TASK OBJECTIVE:
Reprint each record exactly. Pictures are not reprinted.

Extracted data entries:
=== Section Start ===

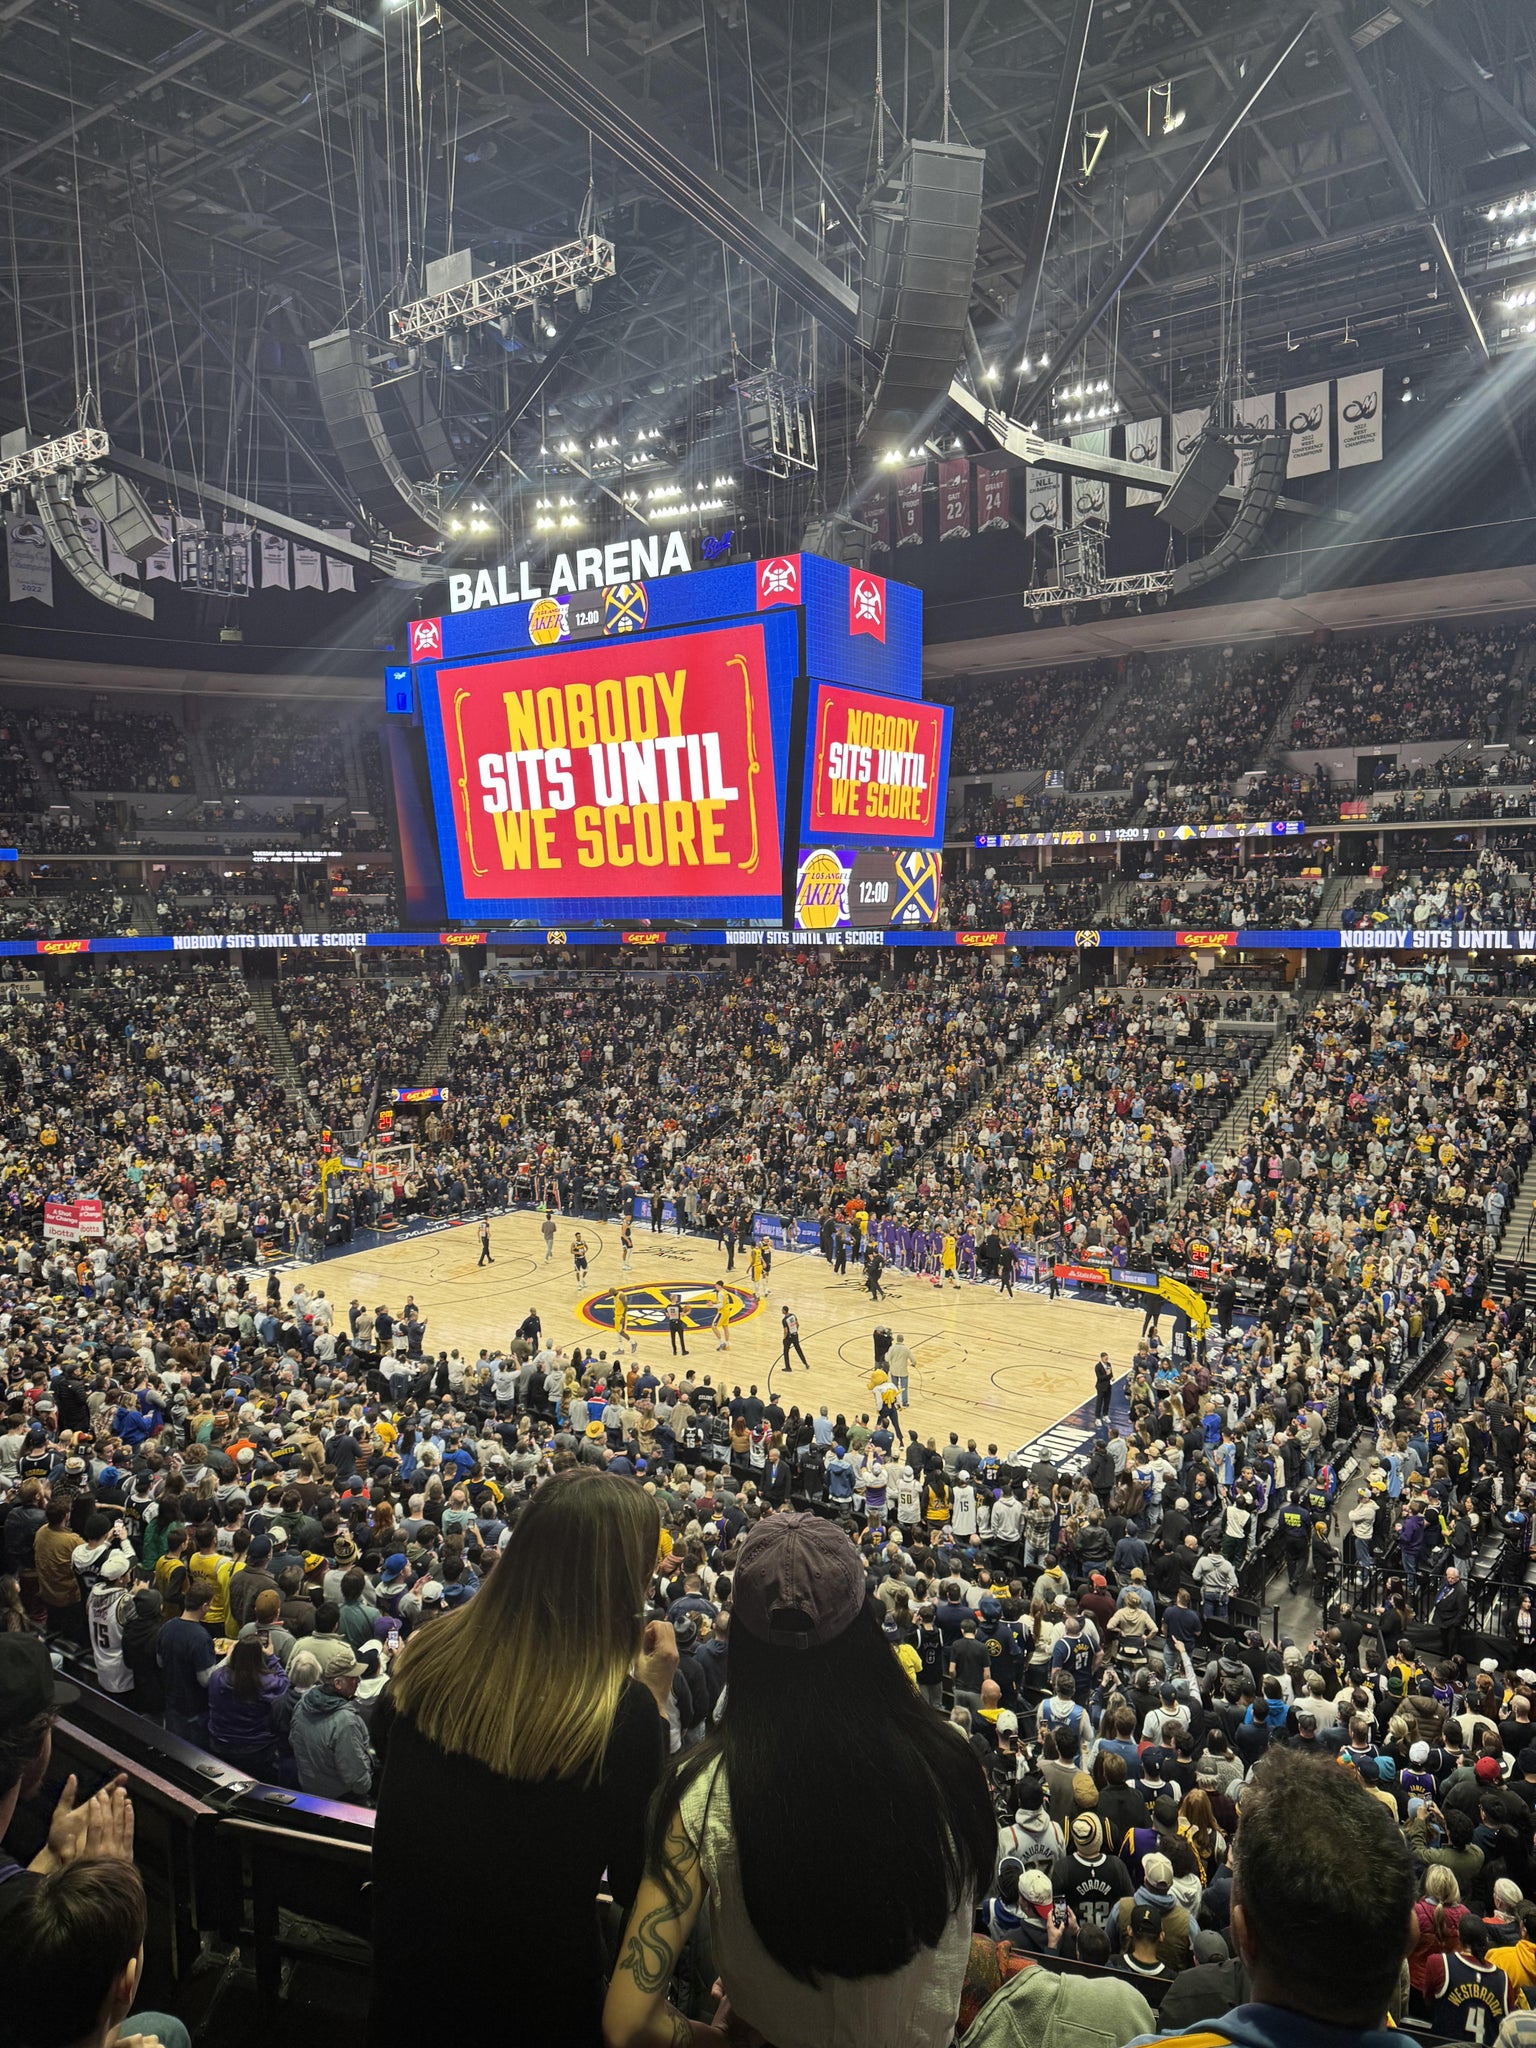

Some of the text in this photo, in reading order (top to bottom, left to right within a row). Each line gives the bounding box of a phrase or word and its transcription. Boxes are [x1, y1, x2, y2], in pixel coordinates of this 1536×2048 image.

[1344, 432, 1376, 443] CONFERENCE
[1345, 438, 1375, 448] CHAMPIONS
[1292, 443, 1324, 454] CONFERENCE
[1293, 449, 1322, 459] CHAMPIONS
[1036, 478, 1053, 487] NLL
[986, 493, 1001, 510] 24
[947, 502, 964, 520] 22
[907, 511, 914, 526] 9
[449, 530, 692, 613] BALL ARENA
[22, 584, 42, 592] 2022
[576, 610, 600, 626] 12:00
[502, 669, 687, 753] NOBODY
[846, 708, 920, 754] NOBODY
[828, 742, 928, 790] SITS UNTIL
[478, 732, 739, 814] SITS UNTIL
[831, 778, 923, 821] WE SCORE
[492, 798, 731, 871] WE SCORE
[1089, 832, 1096, 842] 0
[1114, 828, 1140, 838] 12:00
[1158, 830, 1165, 839] 0
[859, 881, 889, 904] 12:00
[172, 933, 366, 950] NOBODY SITS UNTIL WE SCORE!
[446, 934, 480, 942] GET UP!
[628, 934, 644, 942] GET
[726, 932, 884, 944] NOBODY SITS UNTIL WE SCORE!
[962, 934, 998, 943] GET UP!
[1184, 934, 1228, 944] GET UP!
[1340, 930, 1408, 948] NOBODY
[1412, 930, 1452, 948] SITS
[1458, 930, 1512, 948] UNTIL
[44, 942, 81, 951] GET UP!
[378, 1117, 392, 1130] 24
[55, 1216, 78, 1224] Change
[48, 1226, 74, 1238] ibotta
[654, 1252, 693, 1262] Arena
[1192, 1251, 1206, 1262] 24
[686, 1438, 696, 1448] 15
[986, 1470, 998, 1480] 27
[900, 1494, 912, 1505] 50
[960, 1501, 969, 1512] 15
[94, 1622, 110, 1650] 15
[1075, 1651, 1089, 1670] 27
[1410, 1784, 1426, 1794] JAMES
[1022, 1843, 1054, 1862] MURRAY
[1076, 1879, 1112, 1896] GORDON
[1078, 1902, 1110, 1930] 32
[1448, 1983, 1503, 2017] WESTBROOK
[1464, 2007, 1486, 2044] 4
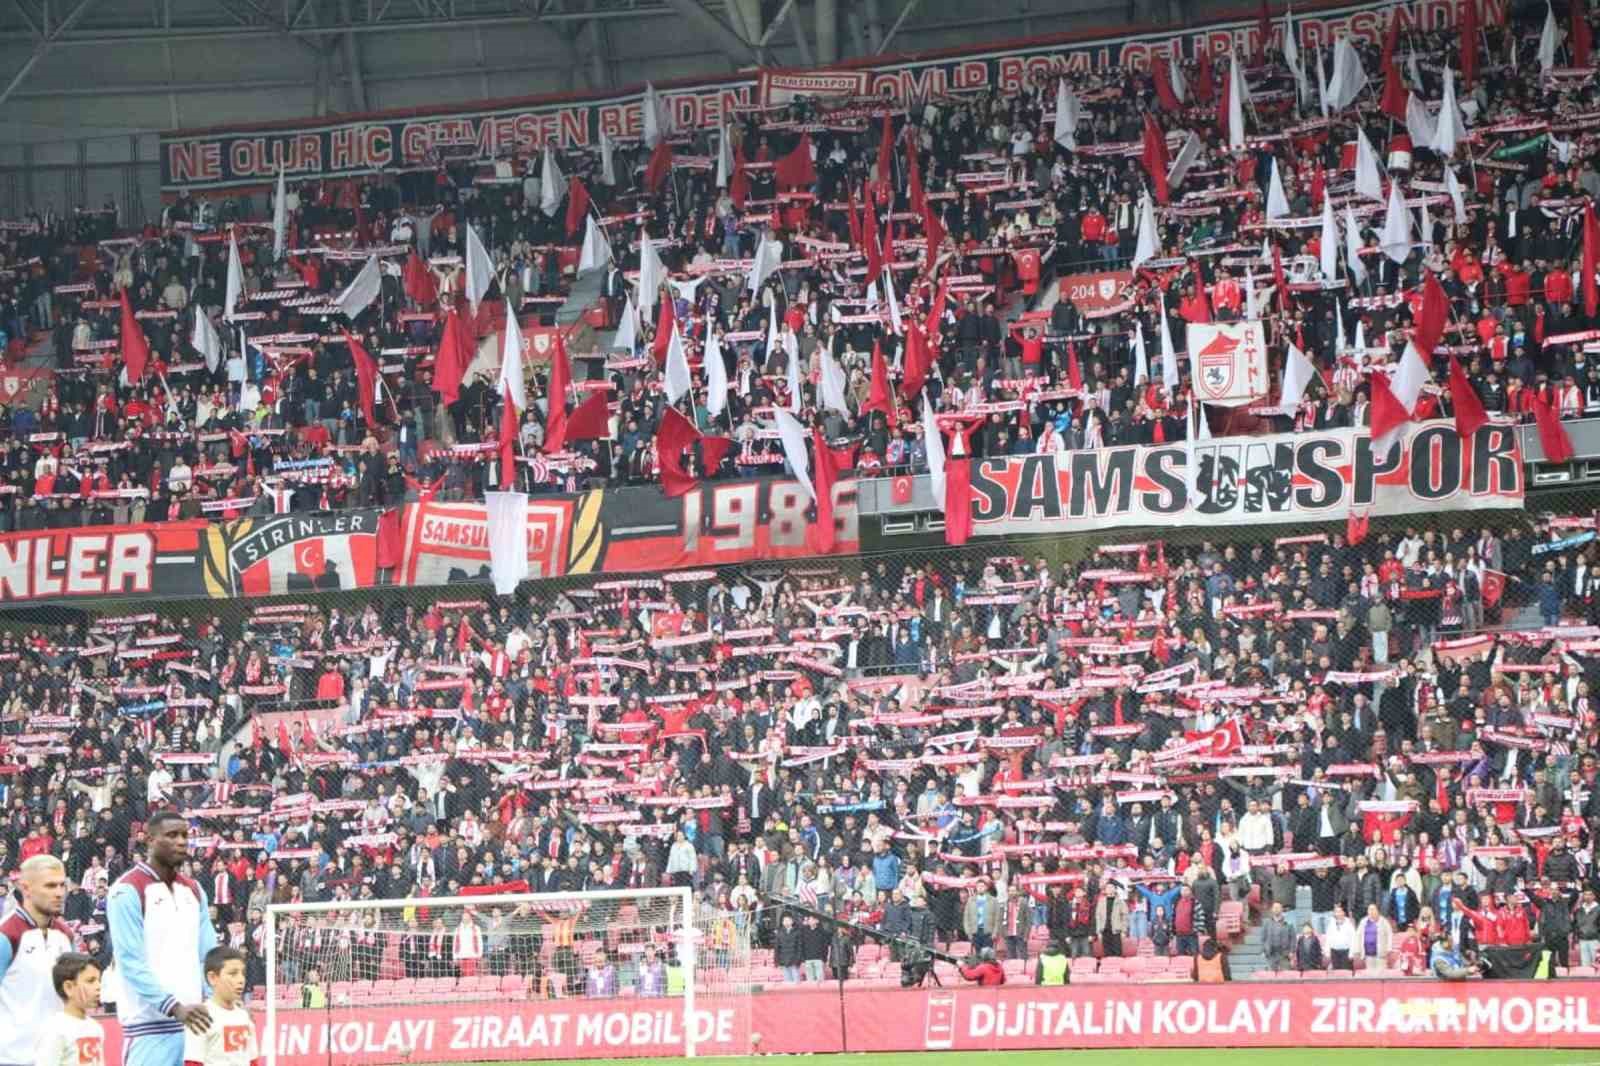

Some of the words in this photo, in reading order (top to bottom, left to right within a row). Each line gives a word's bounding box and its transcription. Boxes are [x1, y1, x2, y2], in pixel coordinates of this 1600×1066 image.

=== Section End ===

FINAL ANSWER:
Some of the text in this photo, in reading order (top to bottom, left to right within a row). Each line gives the bounding box of a phrase or word and its transcription. Boxes are [x1, y1, x2, y2], in pixel coordinates of this 1536×2048 image.

[1344, 432, 1376, 443] CONFERENCE
[1345, 438, 1375, 448] CHAMPIONS
[1292, 443, 1324, 454] CONFERENCE
[1293, 449, 1322, 459] CHAMPIONS
[1036, 478, 1053, 487] NLL
[986, 493, 1001, 510] 24
[947, 502, 964, 520] 22
[907, 511, 914, 526] 9
[449, 530, 692, 613] BALL ARENA
[22, 584, 42, 592] 2022
[576, 610, 600, 626] 12:00
[502, 669, 687, 753] NOBODY
[846, 708, 920, 754] NOBODY
[828, 742, 928, 790] SITS UNTIL
[478, 732, 739, 814] SITS UNTIL
[831, 778, 923, 821] WE SCORE
[492, 798, 731, 871] WE SCORE
[1089, 832, 1096, 842] 0
[1114, 828, 1140, 838] 12:00
[1158, 830, 1165, 839] 0
[859, 881, 889, 904] 12:00
[172, 933, 366, 950] NOBODY SITS UNTIL WE SCORE!
[446, 934, 480, 942] GET UP!
[628, 934, 644, 942] GET
[726, 932, 884, 944] NOBODY SITS UNTIL WE SCORE!
[962, 934, 998, 943] GET UP!
[1184, 934, 1228, 944] GET UP!
[1340, 930, 1408, 948] NOBODY
[1412, 930, 1452, 948] SITS
[1458, 930, 1512, 948] UNTIL
[44, 942, 81, 951] GET UP!
[378, 1117, 392, 1130] 24
[55, 1216, 78, 1224] Change
[48, 1226, 74, 1238] ibotta
[654, 1252, 693, 1262] Arena
[1192, 1251, 1206, 1262] 24
[686, 1438, 696, 1448] 15
[986, 1470, 998, 1480] 27
[900, 1494, 912, 1505] 50
[960, 1501, 969, 1512] 15
[94, 1622, 110, 1650] 15
[1075, 1651, 1089, 1670] 27
[1410, 1784, 1426, 1794] JAMES
[1022, 1843, 1054, 1862] MURRAY
[1076, 1879, 1112, 1896] GORDON
[1078, 1902, 1110, 1930] 32
[1448, 1983, 1503, 2017] WESTBROOK
[1464, 2007, 1486, 2044] 4

Some of the words in this photo, in reading order (top to bottom, left to right within a row). Each line gives a word's bounding box and its transcription. Boxes are [x1, y1, x2, y2], in pixel coordinates of this 1600×1066 image.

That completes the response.